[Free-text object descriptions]
+++++

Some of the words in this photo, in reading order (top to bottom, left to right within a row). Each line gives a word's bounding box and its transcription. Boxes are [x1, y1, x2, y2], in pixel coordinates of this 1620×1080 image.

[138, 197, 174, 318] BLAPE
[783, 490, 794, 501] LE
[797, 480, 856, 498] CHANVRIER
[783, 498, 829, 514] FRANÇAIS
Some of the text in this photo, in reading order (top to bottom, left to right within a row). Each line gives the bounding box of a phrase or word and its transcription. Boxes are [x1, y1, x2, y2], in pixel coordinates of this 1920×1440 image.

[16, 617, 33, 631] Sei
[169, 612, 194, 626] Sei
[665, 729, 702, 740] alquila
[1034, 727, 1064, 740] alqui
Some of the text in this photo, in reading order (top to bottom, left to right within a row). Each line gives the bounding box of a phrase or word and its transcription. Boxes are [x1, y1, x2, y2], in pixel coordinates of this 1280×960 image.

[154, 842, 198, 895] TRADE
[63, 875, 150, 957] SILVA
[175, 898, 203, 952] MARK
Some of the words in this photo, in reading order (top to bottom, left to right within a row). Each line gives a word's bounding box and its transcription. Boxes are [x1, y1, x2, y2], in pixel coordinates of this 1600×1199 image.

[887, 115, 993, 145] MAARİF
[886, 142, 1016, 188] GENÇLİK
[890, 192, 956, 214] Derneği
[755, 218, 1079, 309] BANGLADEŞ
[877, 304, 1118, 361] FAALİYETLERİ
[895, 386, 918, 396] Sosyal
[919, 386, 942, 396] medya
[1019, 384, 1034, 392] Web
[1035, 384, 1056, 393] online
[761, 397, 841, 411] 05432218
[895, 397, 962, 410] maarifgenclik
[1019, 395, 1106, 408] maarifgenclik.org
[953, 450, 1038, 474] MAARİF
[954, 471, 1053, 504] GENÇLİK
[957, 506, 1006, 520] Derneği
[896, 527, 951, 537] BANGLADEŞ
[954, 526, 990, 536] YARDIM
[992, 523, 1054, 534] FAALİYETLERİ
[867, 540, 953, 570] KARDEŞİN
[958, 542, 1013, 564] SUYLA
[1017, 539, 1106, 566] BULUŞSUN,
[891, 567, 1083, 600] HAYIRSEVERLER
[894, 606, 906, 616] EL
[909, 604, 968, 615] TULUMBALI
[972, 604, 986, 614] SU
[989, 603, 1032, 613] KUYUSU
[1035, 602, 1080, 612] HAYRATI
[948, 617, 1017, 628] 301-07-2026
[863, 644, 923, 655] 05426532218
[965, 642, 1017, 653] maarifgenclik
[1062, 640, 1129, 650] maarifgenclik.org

+++++

What you have to do
Please copy each record shown above exactly.

Solution to the problem
Some of the words in this photo, in reading order (top to bottom, left to right within a row). Each line gives a word's bounding box and its transcription. Boxes are [x1, y1, x2, y2], in pixel coordinates of this 1620×1080 image.

[138, 197, 174, 318] BLAPE
[783, 490, 794, 501] LE
[797, 480, 856, 498] CHANVRIER
[783, 498, 829, 514] FRANÇAIS
Some of the text in this photo, in reading order (top to bottom, left to right within a row). Each line gives the bounding box of a phrase or word and its transcription. Boxes are [x1, y1, x2, y2], in pixel coordinates of this 1920×1440 image.

[16, 617, 33, 631] Sei
[169, 612, 194, 626] Sei
[665, 729, 702, 740] alquila
[1034, 727, 1064, 740] alqui
Some of the text in this photo, in reading order (top to bottom, left to right within a row). Each line gives the bounding box of a phrase or word and its transcription. Boxes are [x1, y1, x2, y2], in pixel coordinates of this 1280×960 image.

[154, 842, 198, 895] TRADE
[63, 875, 150, 957] SILVA
[175, 898, 203, 952] MARK
Some of the words in this photo, in reading order (top to bottom, left to right within a row). Each line gives a word's bounding box and its transcription. Boxes are [x1, y1, x2, y2], in pixel coordinates of this 1600×1199 image.

[887, 115, 993, 145] MAARİF
[886, 142, 1016, 188] GENÇLİK
[890, 192, 956, 214] Derneği
[755, 218, 1079, 309] BANGLADEŞ
[877, 304, 1118, 361] FAALİYETLERİ
[895, 386, 918, 396] Sosyal
[919, 386, 942, 396] medya
[1019, 384, 1034, 392] Web
[1035, 384, 1056, 393] online
[761, 397, 841, 411] 05432218
[895, 397, 962, 410] maarifgenclik
[1019, 395, 1106, 408] maarifgenclik.org
[953, 450, 1038, 474] MAARİF
[954, 471, 1053, 504] GENÇLİK
[957, 506, 1006, 520] Derneği
[896, 527, 951, 537] BANGLADEŞ
[954, 526, 990, 536] YARDIM
[992, 523, 1054, 534] FAALİYETLERİ
[867, 540, 953, 570] KARDEŞİN
[958, 542, 1013, 564] SUYLA
[1017, 539, 1106, 566] BULUŞSUN,
[891, 567, 1083, 600] HAYIRSEVERLER
[894, 606, 906, 616] EL
[909, 604, 968, 615] TULUMBALI
[972, 604, 986, 614] SU
[989, 603, 1032, 613] KUYUSU
[1035, 602, 1080, 612] HAYRATI
[948, 617, 1017, 628] 301-07-2026
[863, 644, 923, 655] 05426532218
[965, 642, 1017, 653] maarifgenclik
[1062, 640, 1129, 650] maarifgenclik.org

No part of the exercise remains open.